Don Adams

Personal information
- Full name: Donald Frederick Adams
- Date of birth: 15 February 1931
- Place of birth: Northampton, England
- Date of death: 1993 (aged 61–62)
- Place of death: Northampton, England
- Position: Forward

Senior career*
- Years: Team / Apps / (Gls)
- 1951–1956: Northampton Town / 23 / (7)
- Bedford Town

= Don Adams (footballer) =

English footballer (1931–1993)

Donald Frederick Adams (15 February 1931 – 1993) was an English professional footballer who played in the Football League, as a forward.

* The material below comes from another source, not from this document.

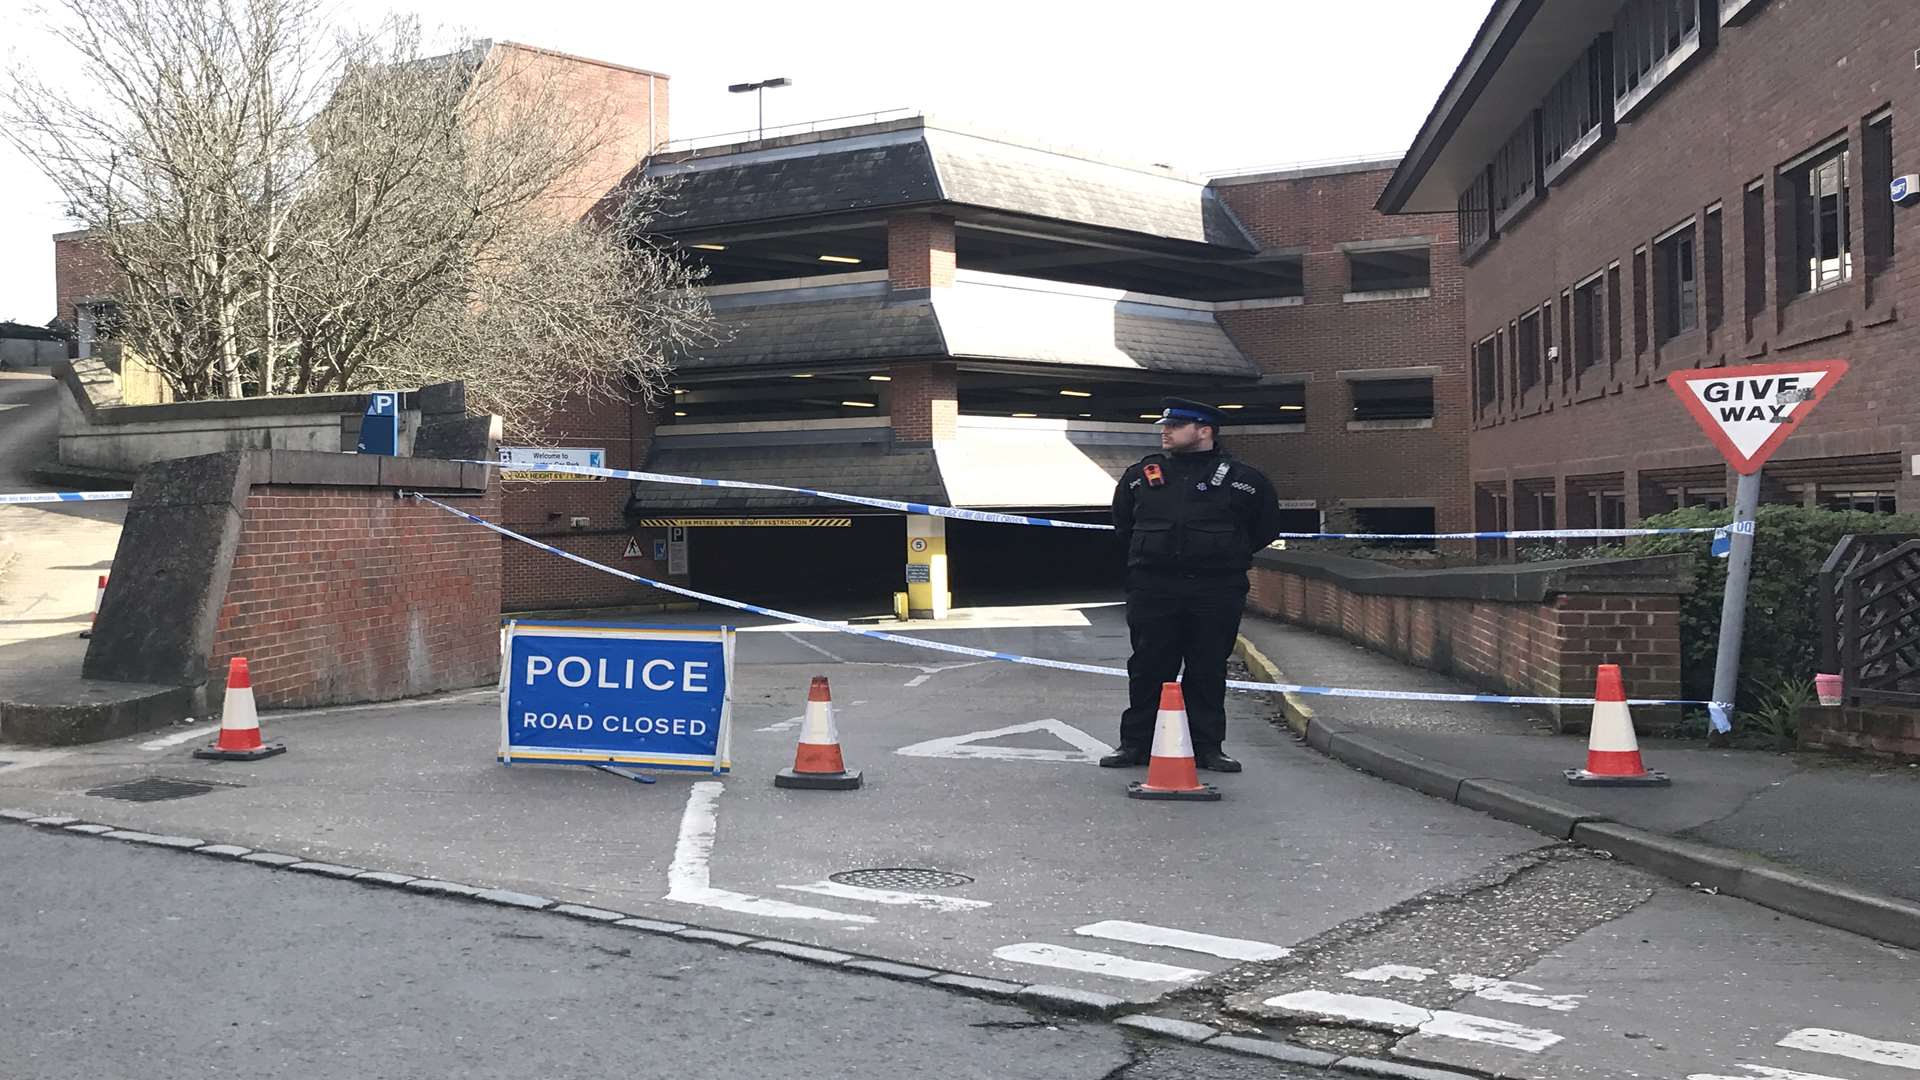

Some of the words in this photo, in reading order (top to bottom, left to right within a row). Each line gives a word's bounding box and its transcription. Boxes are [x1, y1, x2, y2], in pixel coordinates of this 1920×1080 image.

Don was the son of a former Northampton Town footballer by the name of Fred Adams who played in the 1920s, and lived in Clark Road Northampton, the garden backing onto the old county ground
Don spent many hours as a youngster at the football ground, not only watching but also training. As a youth he played for a local youth team, the 6th Northampton company of the Boys Brigade based in Kingsley. Don was introduced to the Cobblers one day when attending an injury clinic and got talking to Jack Jennings who had Tommy Mulgrew under treatment at the time. Don explained that he was on amateur forms with Chelsea, so it was suggested that he went along to the cobblers for a trial when he was fit again. From this opportunity he progressed through the A team and reserves (who used to draw 6000 crowds back in those days) to eventually play his first game for the club as a professional against Plymouth Argyle. He made 23 appearances, scoring 7 goals.
Don played for the cobblers from 1951 to 1956 and went on to play for Bedford town and Rushden town.